Requirement — An exact transcription of all the data is required; the pictures are to be left out.

Source material —
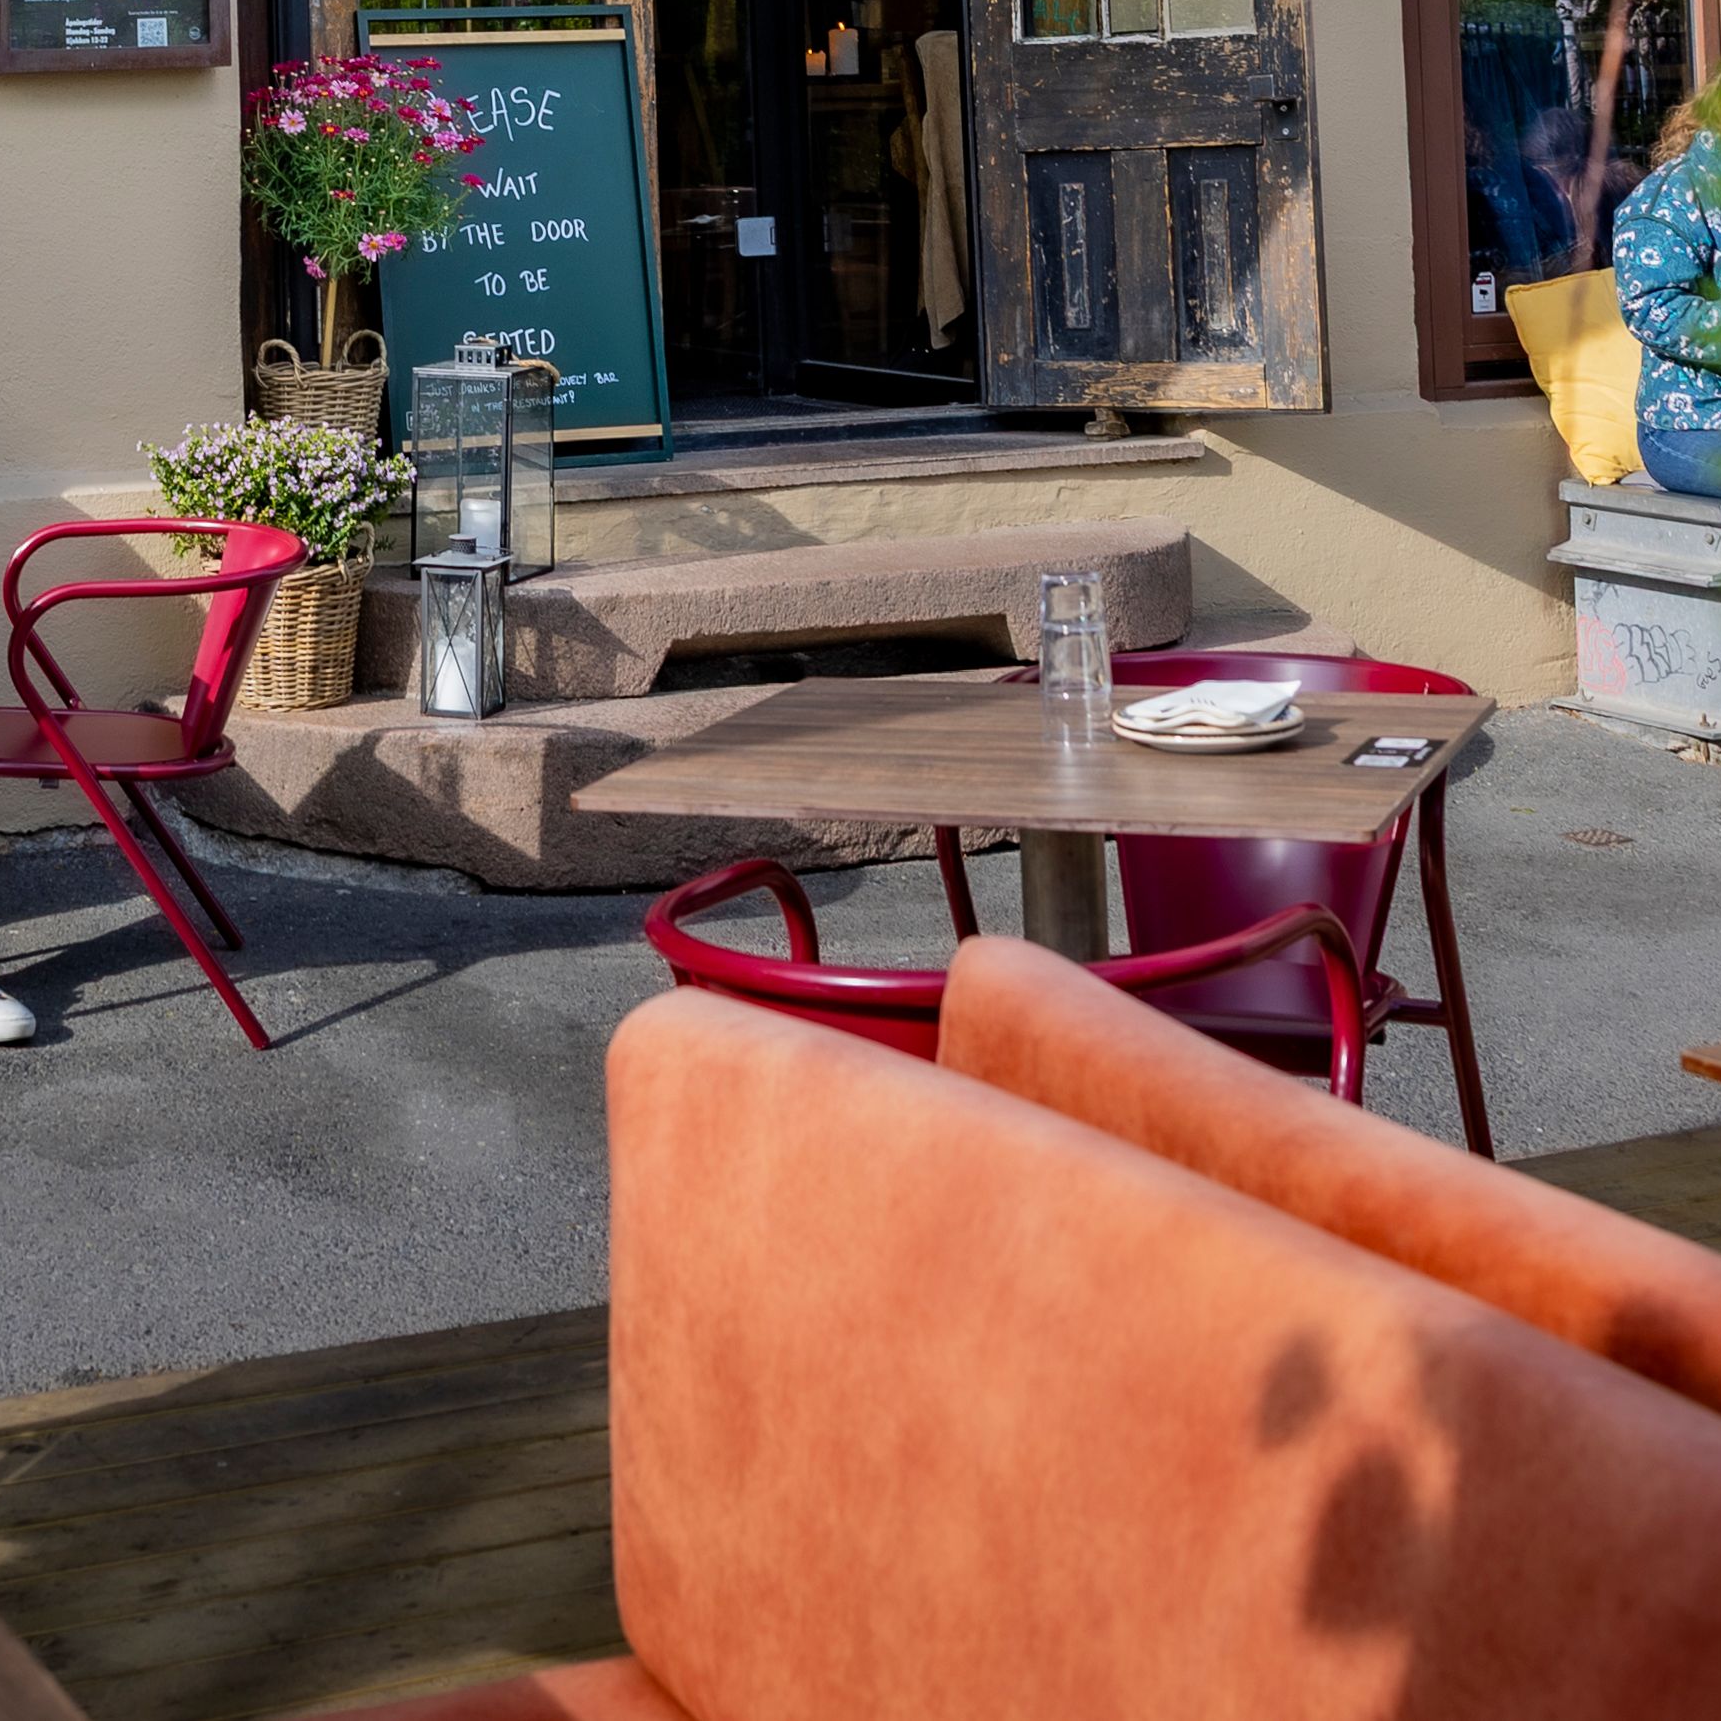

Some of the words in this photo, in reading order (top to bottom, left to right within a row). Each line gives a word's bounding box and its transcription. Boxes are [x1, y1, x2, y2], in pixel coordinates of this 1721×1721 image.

[408, 86, 562, 142] EASE
[476, 166, 539, 201] WAIT
[459, 222, 506, 250] THE
[530, 218, 590, 243] DOOR
[474, 271, 507, 297] TO
[519, 268, 551, 293] BE
[593, 372, 620, 384] BAR
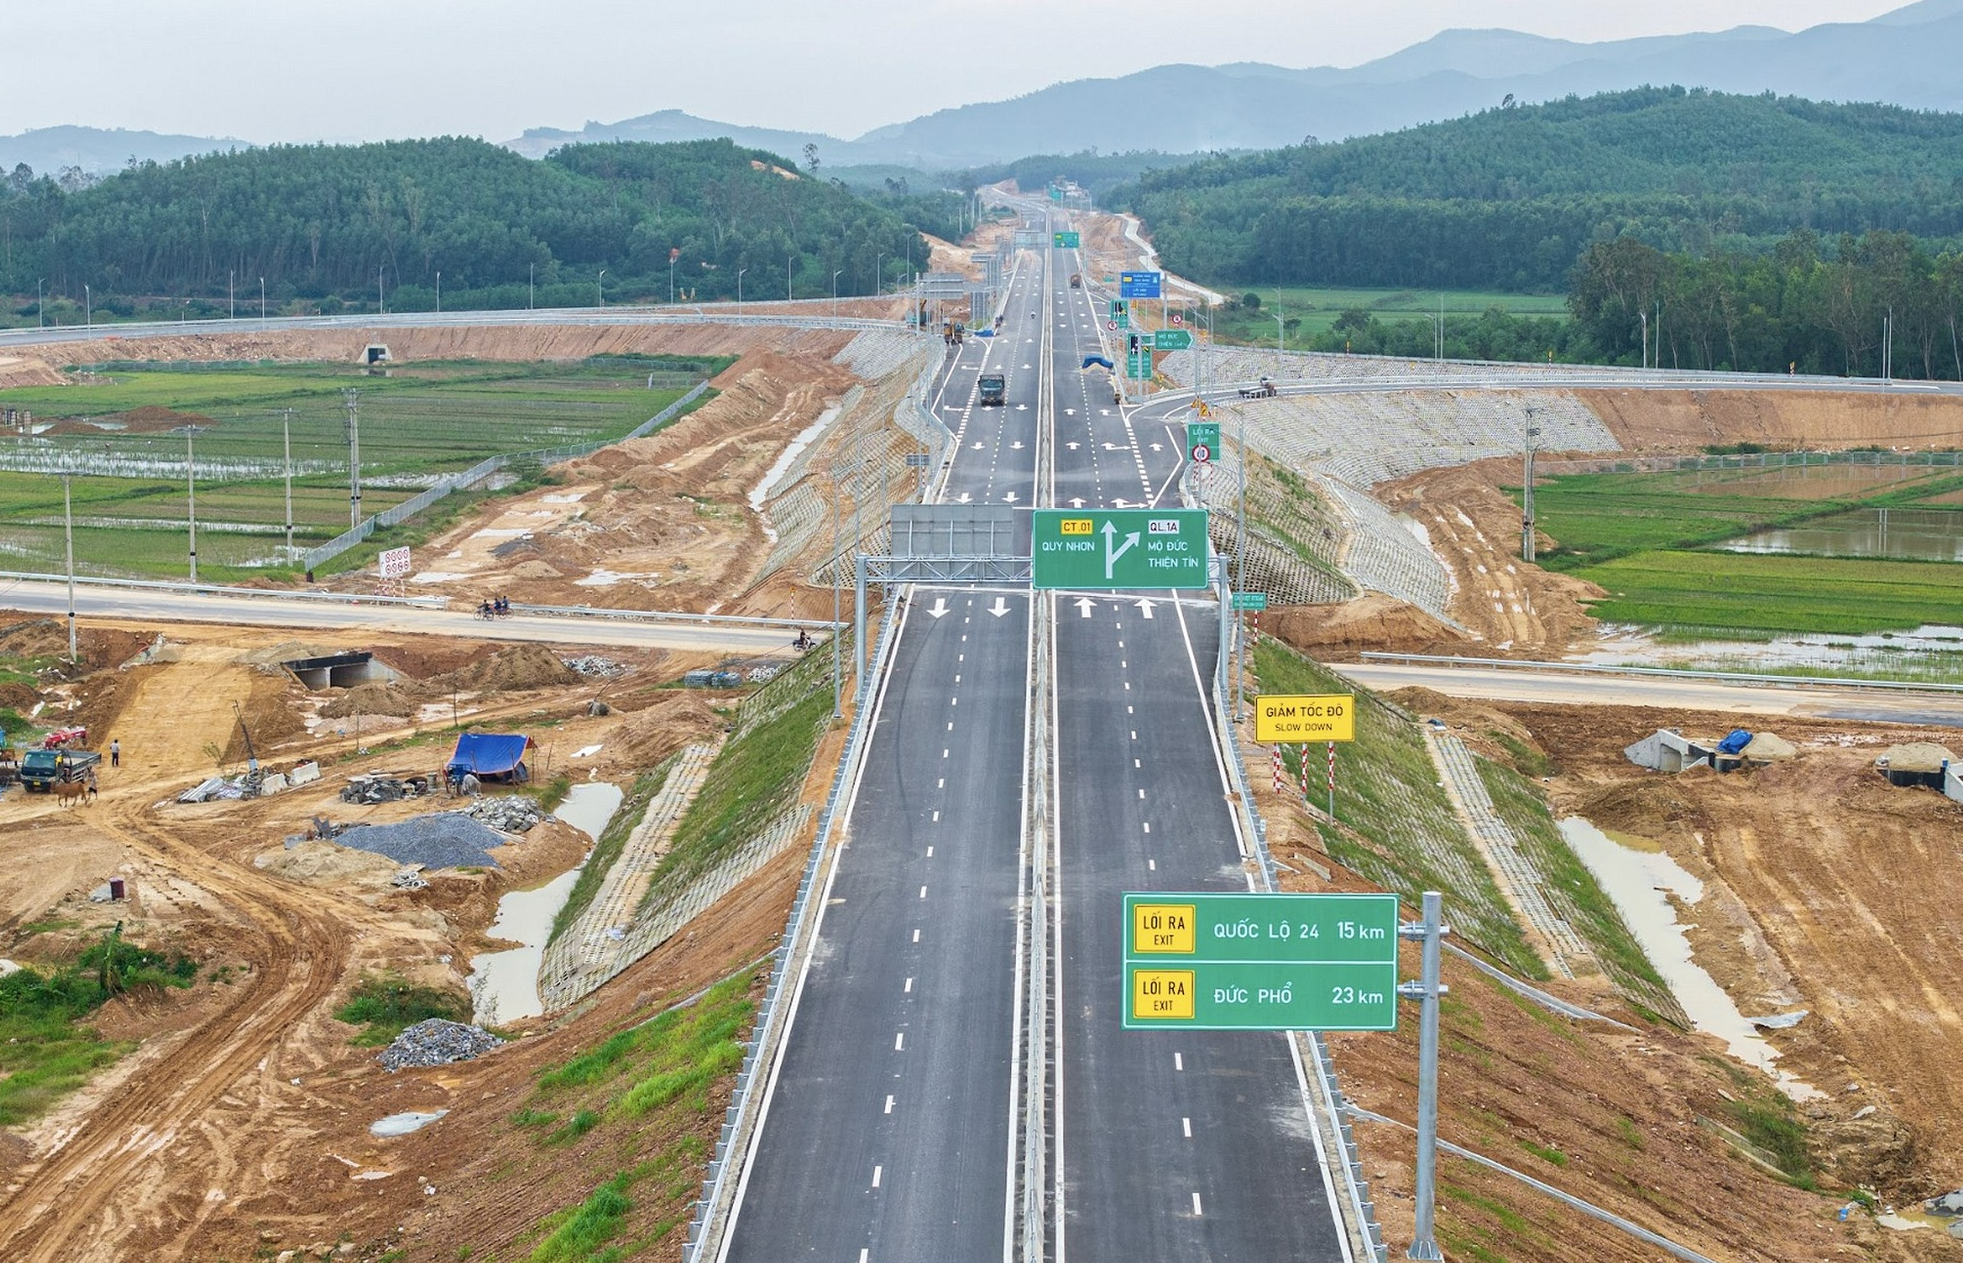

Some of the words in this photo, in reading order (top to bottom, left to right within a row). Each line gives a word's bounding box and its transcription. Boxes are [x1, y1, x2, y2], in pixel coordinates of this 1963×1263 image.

Answer space —
Some of the words in this photo, in reading order (top to bottom, left to right within a row). Each line gives a word's bounding box and its transcription. Boxes are [x1, y1, x2, y2], in pixel coordinates of this 1721×1721 image.

[408, 86, 562, 142] EASE
[476, 166, 539, 201] WAIT
[459, 222, 506, 250] THE
[530, 218, 590, 243] DOOR
[474, 271, 507, 297] TO
[519, 268, 551, 293] BE
[593, 372, 620, 384] BAR

Some of the words in this photo, in reading order (top to bottom, left to right within a row). Each line gives a word's bounding box and its transcription. Boxes are [x1, y1, x2, y2], in pixel coordinates of this 1963×1263 image.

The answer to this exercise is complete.